Bruce caps the pen heavily and opens the fridge. “I can’t believe I’m the only one here who gets treated as less than stable.”
Someone like us? Steve blinks. “Wait, what?”
Bruce shrugs and goes digging through the fridge. “You do all know that I don’t actually have a problem with blueberries, right?”
*
Steve lies flat on his back on his bed with his arms crossed and glares up at the ceiling. Somewhere in the basement lab, something bangs loudly.
He’s trying to have an epiphany here, he really is, but the intermittent banging is making it very difficult. It’s making it difficult for him to finish realigning his worldviews when he keeps being forcibly reminded of what is probably going on in the workshop with Tony and Emma right now. It’s not that he has any problem with the idea of mixing business and pleasure (he might). He supposes that working on electrical upgrades and improved neurological interfaces for days on end must get exhausting. Boring. Something you require a break from. It just seems unprofessional. Which, really, isn’t anything that should surprise him, Steve thinks. It’s just –
“Captain Rogers?” JARVIS’s cool voice asks. “Your vital heart rate and pulse indicate you are experiencing some amount of distress. Is there anything that I can do to assist you?”
Something crashes again, and Steve forces the muscles in his hands to relax out of the fists they had apparently curled themselves into of their own accord. “I’m fine, JARVIS. Thank you.”
“If you’ll pardon the observation, that does not appear to be the case.”
“Thank you, JARVIS,” Steve says through gritted teeth, hoping the AI will get the hint. And he seems to, leaving Steve alone to do something that is definitely not sulking or dwelling for what is either an hour or five minutes.
“Captain Rogers?” JARVIS asks again.
“Yes, JARVIS?”
“At Ms. Frost’s request, I have transferred several files to your computer,” JARVIS says. “It consists primarily of security camera footage from the workshop.”
Steve bolts upright. “Wait, what, no. There is no way I should have access to that sort of thing.”
“She believes it will be most illuminating,” JARVIS continues as if Steve hadn’t interrupted. “I must say that I concur.”
“Take it away, JARVIS,” Steve says desperately.
“The files have already been transferred,” JARVIS says. “You may do with them what you wish.”
“JARVIS...”
“Good day, Captain.”
*
Steve has every intention of deleting the files. It’s the only reason he turns on the computer that Tony helpfully installed in his room. The keyboard and mouse are specially reinforced, because at first Steve kept accidentally ending up permanently compressing keys and smooshing the mouse.
He means to throw the files away. He’s really not sure where Emma is coming from on this one. There was no way she hadn’t picked up on how he felt about her boyfriend. Maybe she thought that she was doing him a favour – a glimpse of Tony’s arched back or of his – Steve blushes. If she – if she wanted to introduce him to porn, he was under the impression that the internet was approximately 30% made up out of the stuff. The computer isn’t his favourite part of the 21st century, but he can deal with it. And there were a few places he accidentally wandered into, but.
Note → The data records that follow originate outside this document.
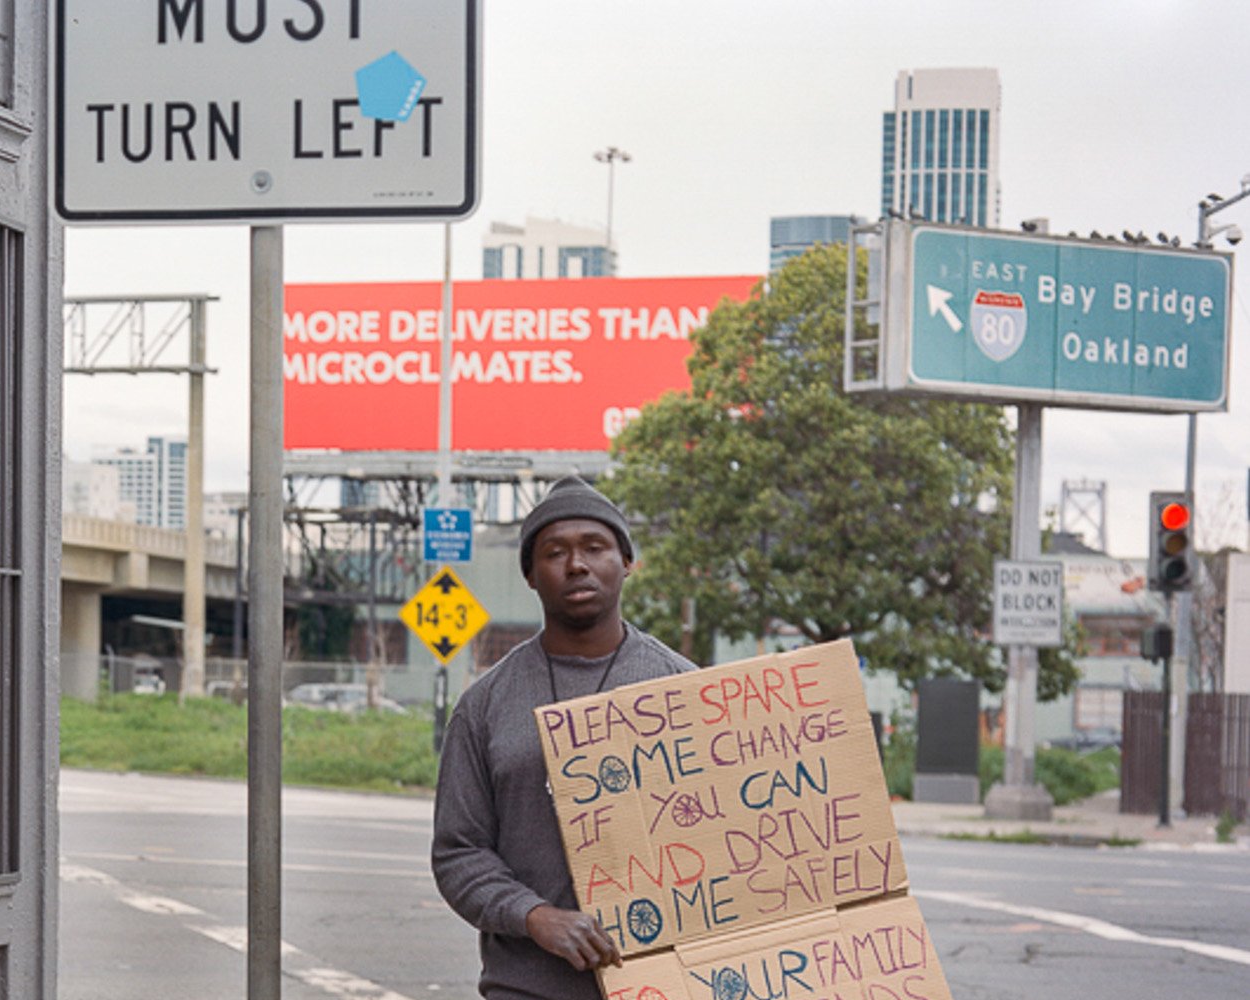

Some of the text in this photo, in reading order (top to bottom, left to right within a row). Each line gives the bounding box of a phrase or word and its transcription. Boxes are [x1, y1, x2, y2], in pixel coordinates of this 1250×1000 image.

[87, 101, 241, 163] TURN
[293, 97, 443, 159] LEFT
[972, 260, 1027, 282] EAST
[1038, 274, 1214, 324] Bay Bridge
[283, 310, 380, 343] MORE
[598, 306, 709, 341] THAN
[981, 312, 1015, 346] 80
[1062, 332, 1188, 369] Oakland
[283, 350, 583, 384] MICROCLMATES.
[1000, 569, 1022, 586] DO
[1028, 570, 1059, 587] NOT
[543, 661, 830, 758] PLEASE SPARE
[561, 708, 848, 804] SOME CHANGE
[569, 756, 828, 852] IF YOU CAN
[586, 793, 863, 905] AND DRIVE
[597, 841, 892, 945] HOME SAFELY
[812, 922, 929, 988] FAMILY
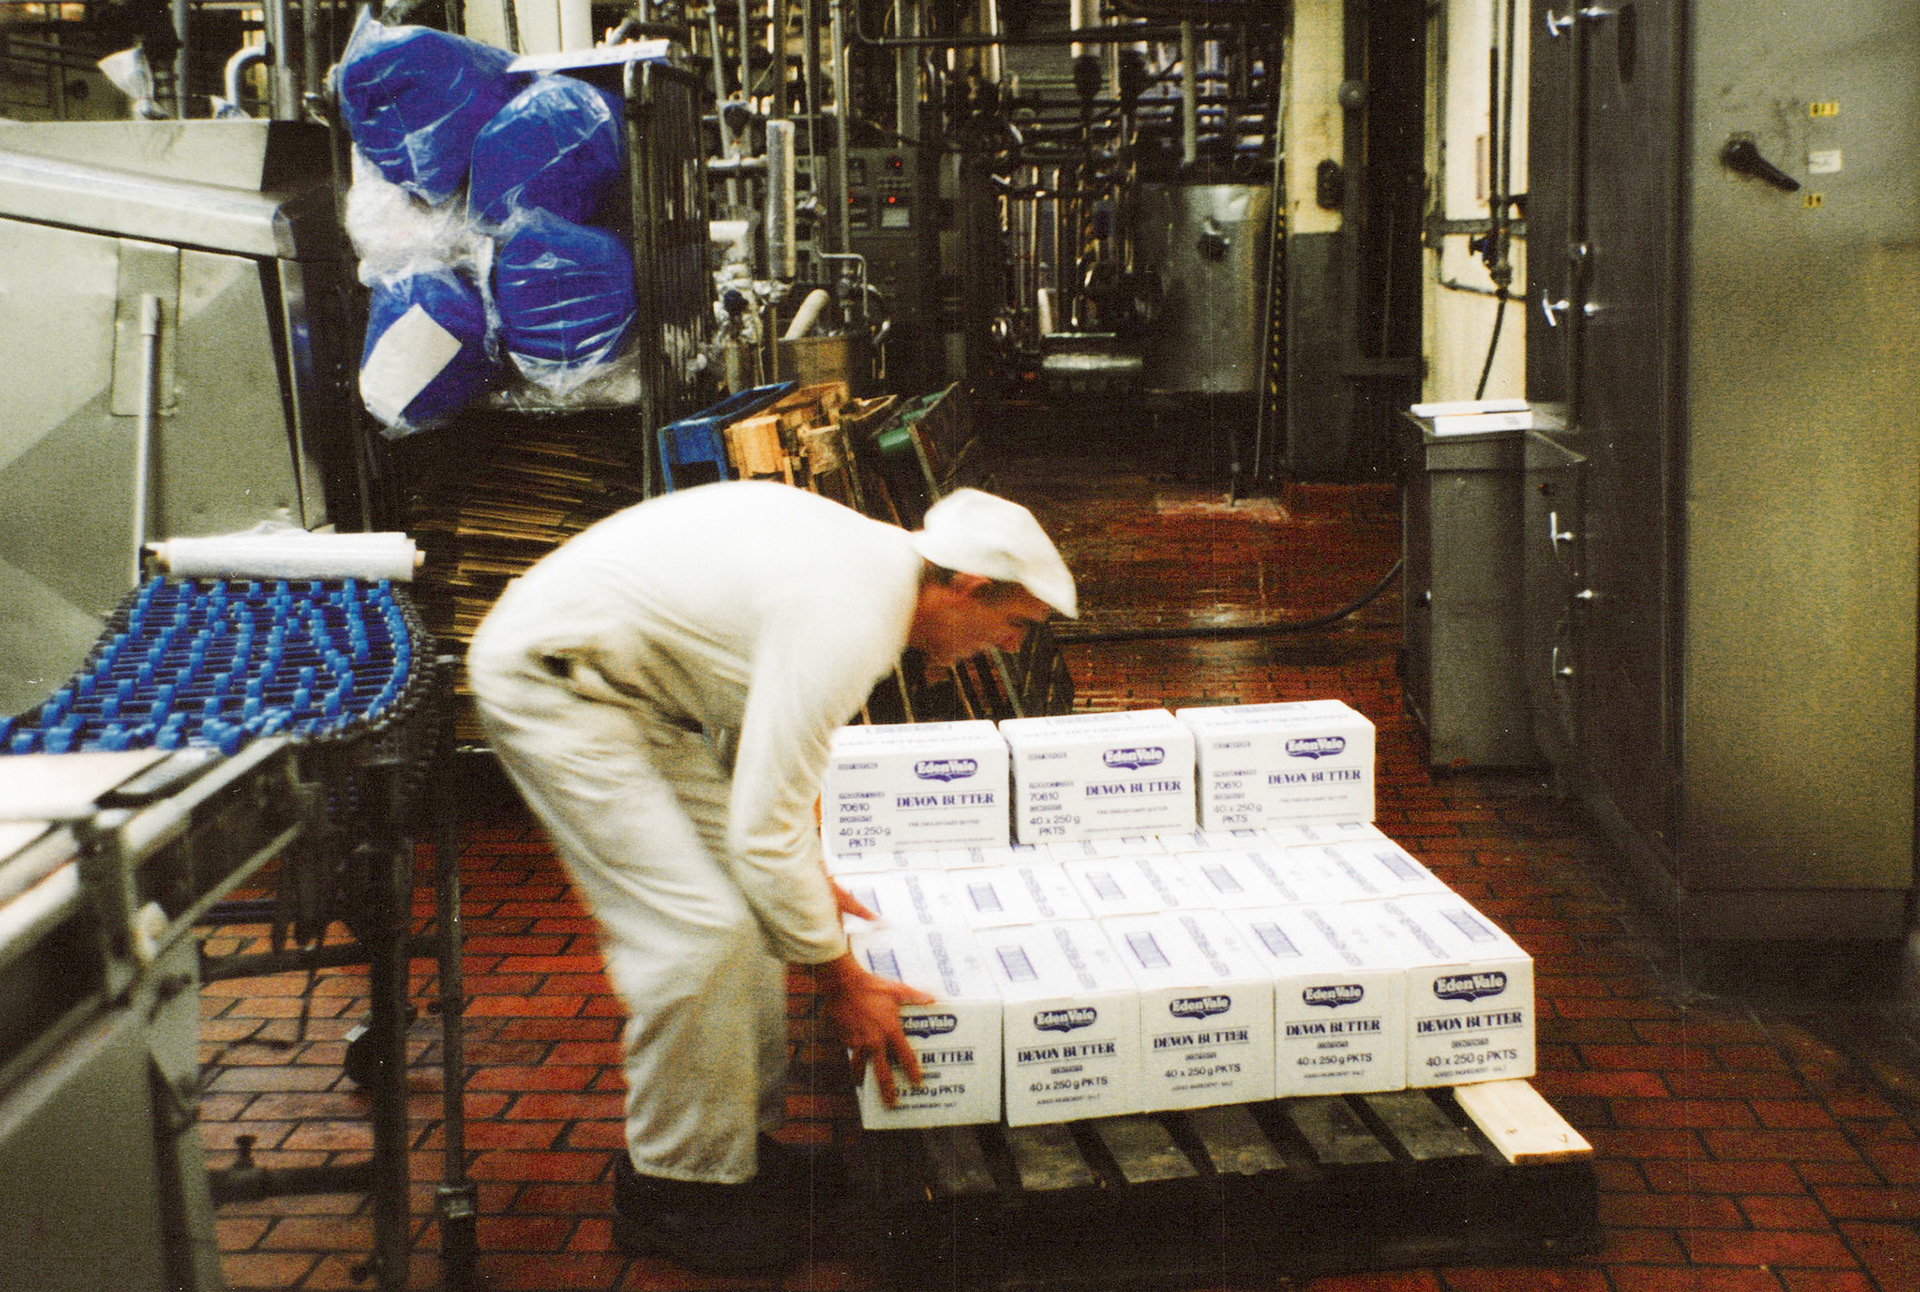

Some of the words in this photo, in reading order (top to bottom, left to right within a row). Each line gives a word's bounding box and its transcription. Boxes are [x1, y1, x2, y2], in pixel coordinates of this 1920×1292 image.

[1268, 773, 1307, 785] DEVON
[1311, 770, 1361, 782] BUTTER
[1086, 784, 1126, 796] DEVON
[1130, 781, 1181, 793] BUTTER
[896, 795, 938, 808] DEVON
[942, 793, 994, 806] BUTTER
[1213, 804, 1226, 813] 40
[1030, 816, 1044, 825] 40
[1222, 814, 1248, 824] PKTS
[839, 828, 854, 836] 40
[1038, 826, 1066, 836] PKTS
[849, 838, 876, 848] PKTS
[1286, 1023, 1326, 1036] DEVON
[1330, 1020, 1380, 1033] BUTTER
[1417, 1018, 1462, 1033] DEVON
[1466, 1012, 1522, 1028] BUTTER
[1154, 1034, 1194, 1048] DEVON
[1198, 1030, 1248, 1044] BUTTER
[1018, 1048, 1058, 1062] DEVON
[1063, 1042, 1115, 1058] BUTTER
[1296, 1057, 1309, 1066] 40
[1319, 1055, 1338, 1064] 250
[1346, 1053, 1372, 1062] PKTS
[1426, 1056, 1441, 1067] 40
[1453, 1053, 1474, 1064] 250
[1486, 1049, 1518, 1061] PKTS
[1164, 1069, 1178, 1078] 40
[1188, 1066, 1206, 1076] 250
[1215, 1063, 1241, 1073] PKTS
[910, 1086, 929, 1097] 250
[940, 1084, 966, 1095] PKTS
[1029, 1082, 1043, 1092] 40
[1053, 1080, 1072, 1090] 250
[1082, 1076, 1108, 1087] PKTS
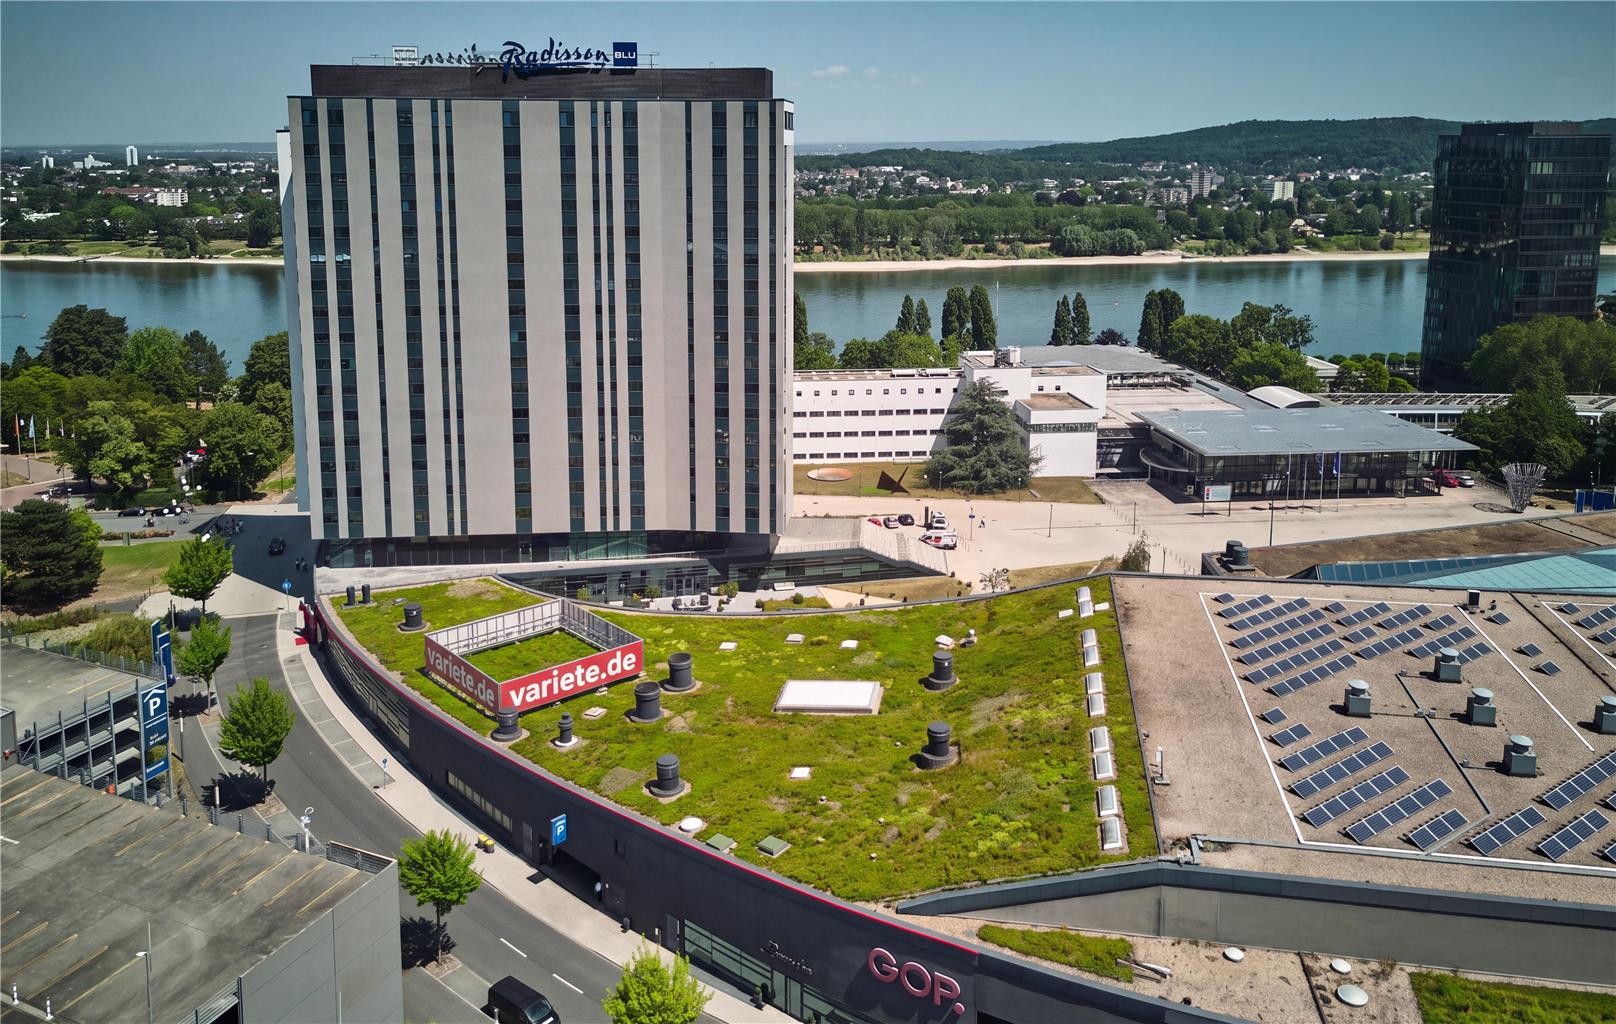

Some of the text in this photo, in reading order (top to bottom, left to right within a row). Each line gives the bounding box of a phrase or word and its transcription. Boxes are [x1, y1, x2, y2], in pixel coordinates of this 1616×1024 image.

[500, 37, 636, 83] Radisson BLU
[426, 647, 495, 707] variete.de
[509, 650, 638, 708] variete.de
[149, 697, 161, 717] P
[557, 825, 565, 836] P
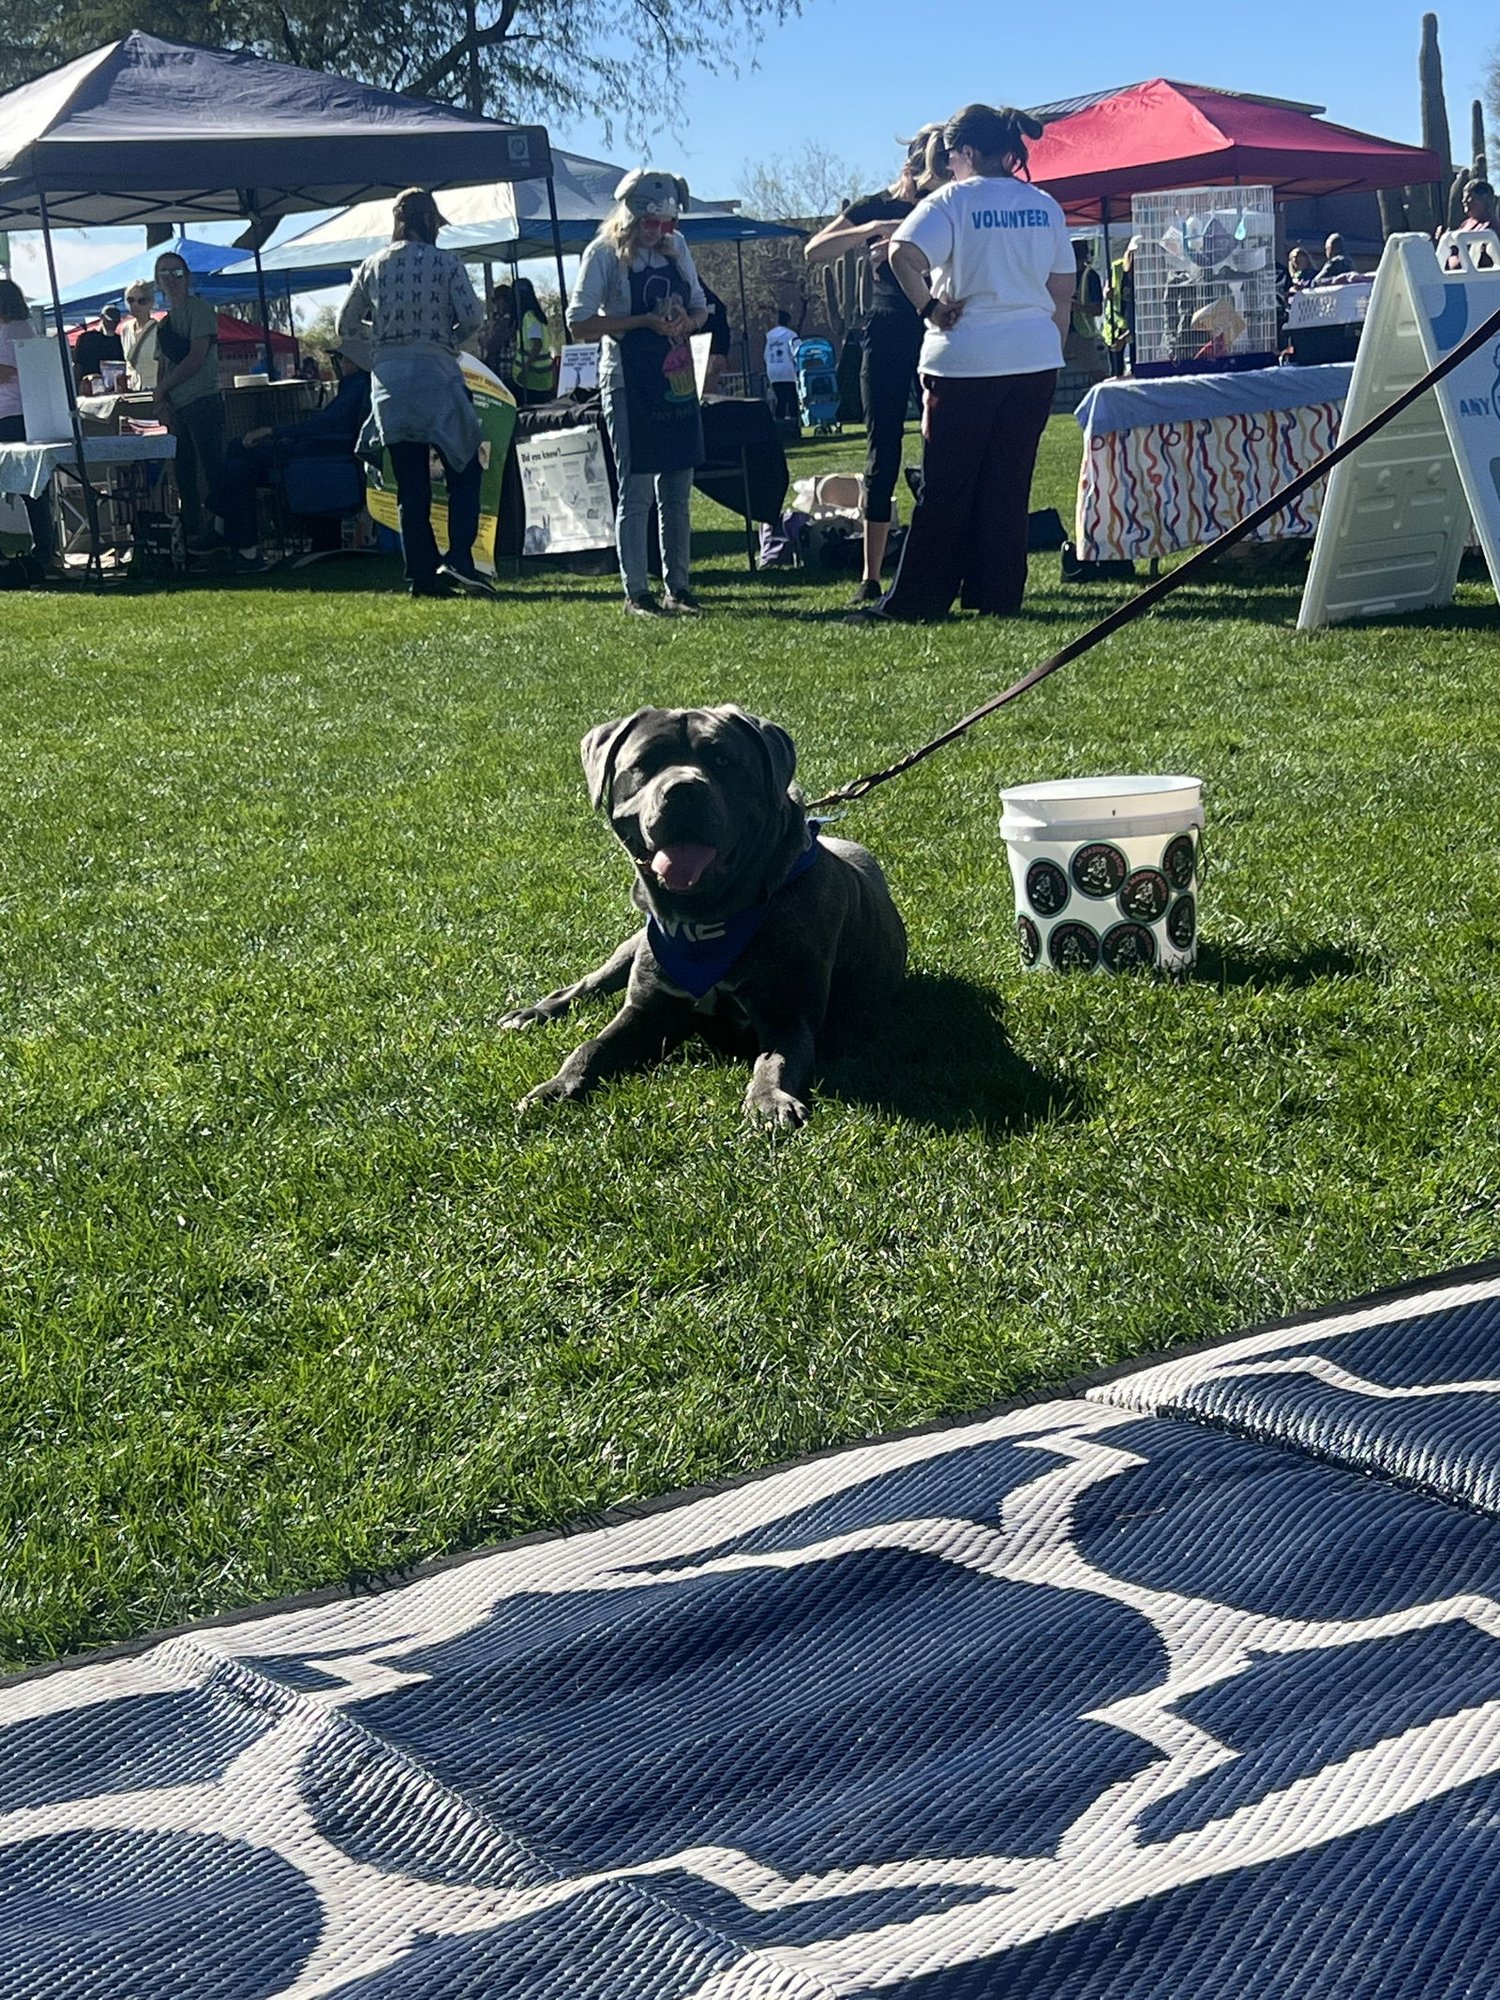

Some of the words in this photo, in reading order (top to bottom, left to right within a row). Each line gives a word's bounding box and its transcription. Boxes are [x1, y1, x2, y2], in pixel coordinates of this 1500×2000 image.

He starts to delete the files five, ten times. Once he actually drops them into the trash bin before pulling them back out again.
It’s probably a slip of the mouse that opens the largest video.
Okay, that’s a lie. He looks away quickly, fingers laced over his eyes. His face is hot. From his computer’s tiny speakers, he hears Tony say, “Ready to go?”
Emma’s voice is level. “Everything appears to be in order.”
“Safeties?”
“In place.”
“Hopefully this time we’ll have worked out the kinks.”
Emma snorts. “If I get stuck again...”
“No, no, no, we should have enough flexibility this time.”
And then the banging starts.
“Good,” Tony says. “That’s it.”
“Here?”
“To your left and just a little harder.”
It’s... vigorous. Steve can feel himself flush down to the back of his neck. The thoughts that are running through his head are – there’s no way that they’re any more graphic than what’s actually happening on screen, and he lets himself peek up through his interlaced fingers.
It takes him a moment to parse what he’s seeing, even as his hands drop limply to his sides.
Emma, glittering diamond, is punching the Iron Man suit. She appears to be targeting the shoulder joint at the moment, as Tony monitors a string of readouts spilling from the suit and onto a holographic display.
She’s not. They’re not.
Steve feels Emma’s telepathic presence filter into the back of his head, and she laughs, not unkindly.
Which means she was in his head, when.
When he was thinking those thoughts.
When he was thinking those thoughts about Tony.
She laughs as Steve puts his head down and thumps it against his desk.
*
“Tony?” Steve calls. He’s standing at the entrance of the lab, shifting awkwardly on the balls of his feet. JARVIS has assured him that Tony was down here (and had offered that Emma had gone back to Westchester the day before), but he can’t see him.
“Steve?” comes the muffled reply, and Steve sees Tony roll out from underneath something that looks to be somewhere between a car, a plane, a motorbike, and the Batmobile. “Hi?” Tony asks. “What are you doing down here in my den of debauchery?”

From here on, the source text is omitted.